Our Methodology
Transparency is at the core of what we do. Here's exactly how we collect, verify, and present mental health statistics.
Data Collection Process
1. Source Identification
We identify authoritative sources including government health agencies (SAMHSA, CDC, NIH), peer-reviewed journals, and established research institutions. We prioritize primary sources over secondary reporting.
2. Data Verification
Each statistic is verified against the original source document. We record the exact page, table, or figure where the data appears. When possible, we cross-reference with multiple sources.
3. Structured Entry
Data is entered into our database with full metadata including: numeric value, unit of measurement, time period, geographic scope, population segment, sample size (when available), and confidence intervals.
4. Citation Generation
We generate AMA-formatted citations for every statistic, ensuring proper attribution and enabling verification. Citations include author/organization, title, publisher, and publication date.
Update Frequency
Our data is updated on different schedules depending on the source:
- NSDUH Data:Annually (typically released Q4)
- CDC BRFSS:Annually
- State Data:Varies by state (6-18 months)
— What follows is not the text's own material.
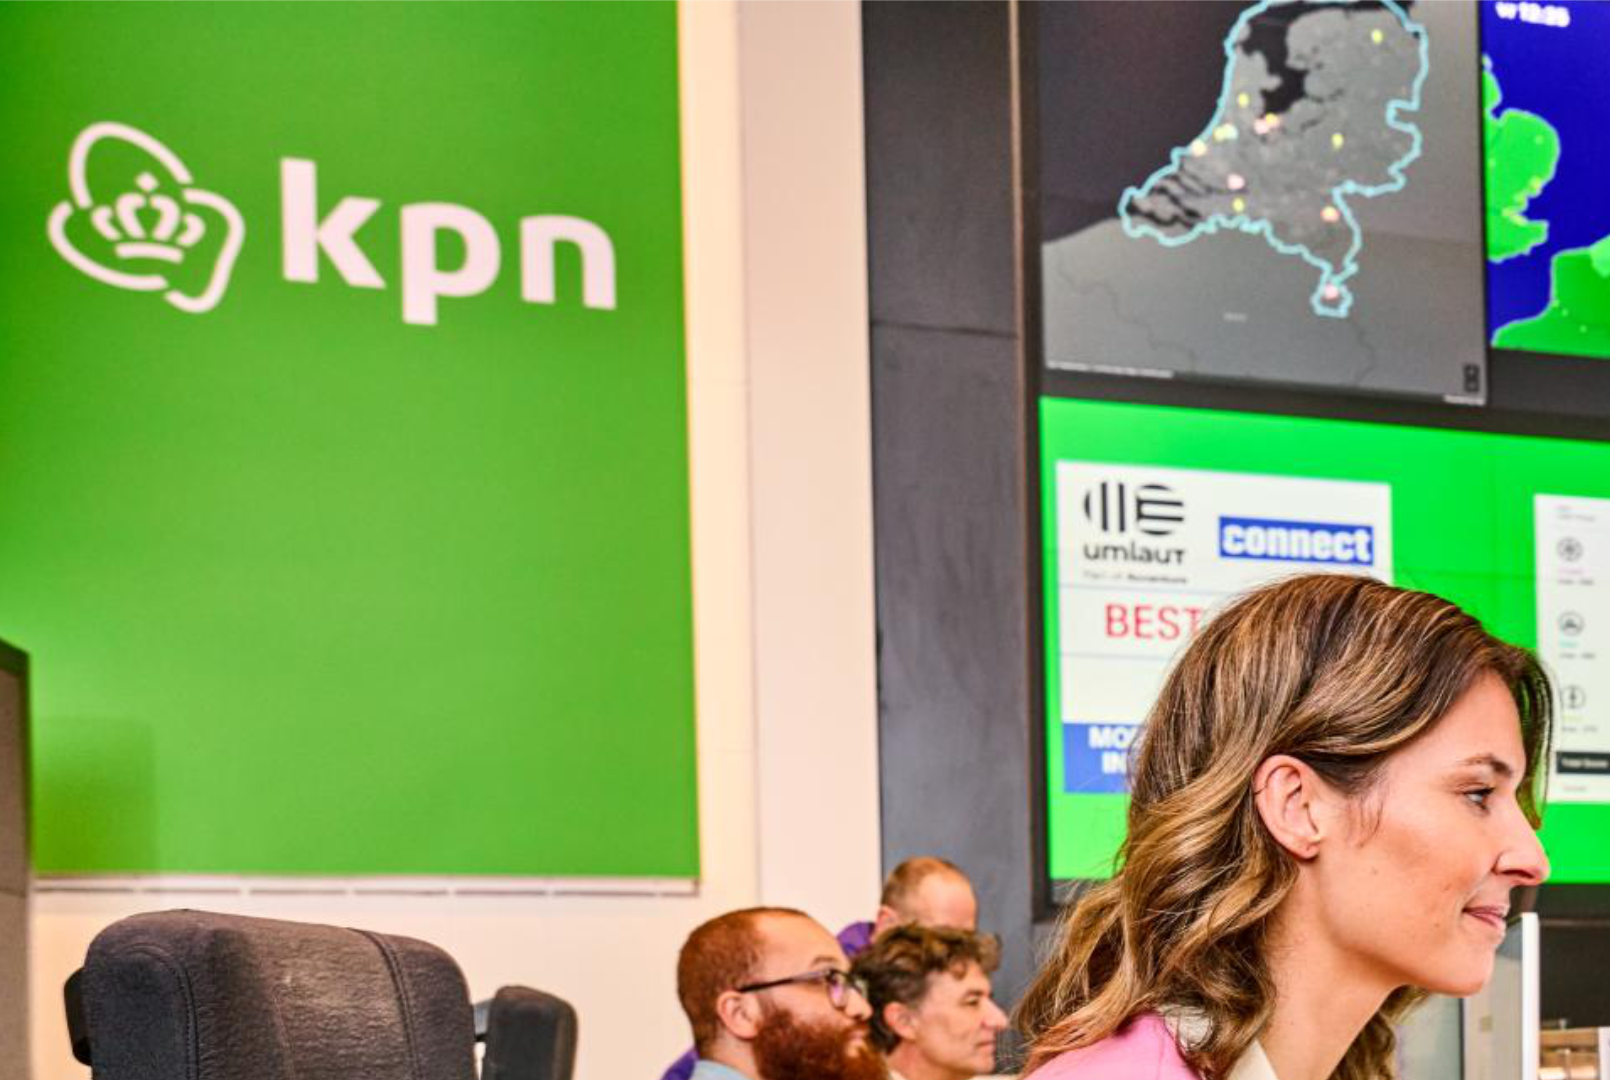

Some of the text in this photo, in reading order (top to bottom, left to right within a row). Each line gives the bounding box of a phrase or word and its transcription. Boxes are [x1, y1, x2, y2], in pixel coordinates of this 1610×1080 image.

[281, 157, 617, 326] kpn
[1222, 523, 1371, 562] connect
[1105, 603, 1204, 640] BEST
- Research Studies:As published
Understanding Our Data
Prevalence Rates
Expressed as percentages, these represent the proportion of a population affected by a condition during a specific time period (usually 12 months or lifetime).
Sample Sizes
When available, we display sample sizes (n=) to help you assess statistical reliability. Larger samples generally indicate more reliable estimates.
Confidence Intervals
95% confidence intervals (CI) show the range where the true value likely falls. Narrower intervals indicate more precise estimates.
Time Periods
Pay attention to the year or period each statistic covers. Mental health trends can change significantly over time.
Limitations & Considerations
- Survey-based data relies on self-reporting, which may undercount stigmatized conditions.
- State-level comparisons should account for differences in data collection methods and definitions.
- Historical data may use different diagnostic criteria than current statistics.
- Small subgroups may have wider confidence intervals due to smaller sample sizes.